### Supplied material

* * * *

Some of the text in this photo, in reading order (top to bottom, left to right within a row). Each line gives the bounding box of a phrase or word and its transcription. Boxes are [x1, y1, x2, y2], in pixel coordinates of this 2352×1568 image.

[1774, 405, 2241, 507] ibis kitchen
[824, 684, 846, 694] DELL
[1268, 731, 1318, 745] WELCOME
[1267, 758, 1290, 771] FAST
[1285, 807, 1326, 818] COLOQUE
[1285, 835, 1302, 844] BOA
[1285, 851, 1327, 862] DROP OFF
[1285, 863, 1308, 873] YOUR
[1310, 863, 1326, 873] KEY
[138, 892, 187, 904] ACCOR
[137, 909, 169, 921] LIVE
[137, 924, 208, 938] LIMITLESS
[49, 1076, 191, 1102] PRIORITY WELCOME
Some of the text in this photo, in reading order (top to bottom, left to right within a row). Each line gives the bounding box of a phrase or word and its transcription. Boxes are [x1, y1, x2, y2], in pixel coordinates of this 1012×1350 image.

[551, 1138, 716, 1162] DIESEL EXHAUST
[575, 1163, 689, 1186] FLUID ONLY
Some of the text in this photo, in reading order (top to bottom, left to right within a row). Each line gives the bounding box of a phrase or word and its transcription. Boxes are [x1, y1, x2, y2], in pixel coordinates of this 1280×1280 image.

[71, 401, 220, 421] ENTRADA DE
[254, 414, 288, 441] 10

* * * *

Produce an exact copy of every entry above.

Some of the text in this photo, in reading order (top to bottom, left to right within a row). Each line gives the bounding box of a phrase or word and its transcription. Boxes are [x1, y1, x2, y2], in pixel coordinates of this 2352×1568 image.

[1774, 405, 2241, 507] ibis kitchen
[824, 684, 846, 694] DELL
[1268, 731, 1318, 745] WELCOME
[1267, 758, 1290, 771] FAST
[1285, 807, 1326, 818] COLOQUE
[1285, 835, 1302, 844] BOA
[1285, 851, 1327, 862] DROP OFF
[1285, 863, 1308, 873] YOUR
[1310, 863, 1326, 873] KEY
[138, 892, 187, 904] ACCOR
[137, 909, 169, 921] LIVE
[137, 924, 208, 938] LIMITLESS
[49, 1076, 191, 1102] PRIORITY WELCOME
Some of the text in this photo, in reading order (top to bottom, left to right within a row). Each line gives the bounding box of a phrase or word and its transcription. Boxes are [x1, y1, x2, y2], in pixel coordinates of this 1012×1350 image.

[551, 1138, 716, 1162] DIESEL EXHAUST
[575, 1163, 689, 1186] FLUID ONLY
Some of the text in this photo, in reading order (top to bottom, left to right within a row). Each line gives the bounding box of a phrase or word and its transcription. Boxes are [x1, y1, x2, y2], in pixel coordinates of this 1280×1280 image.

[71, 401, 220, 421] ENTRADA DE
[254, 414, 288, 441] 10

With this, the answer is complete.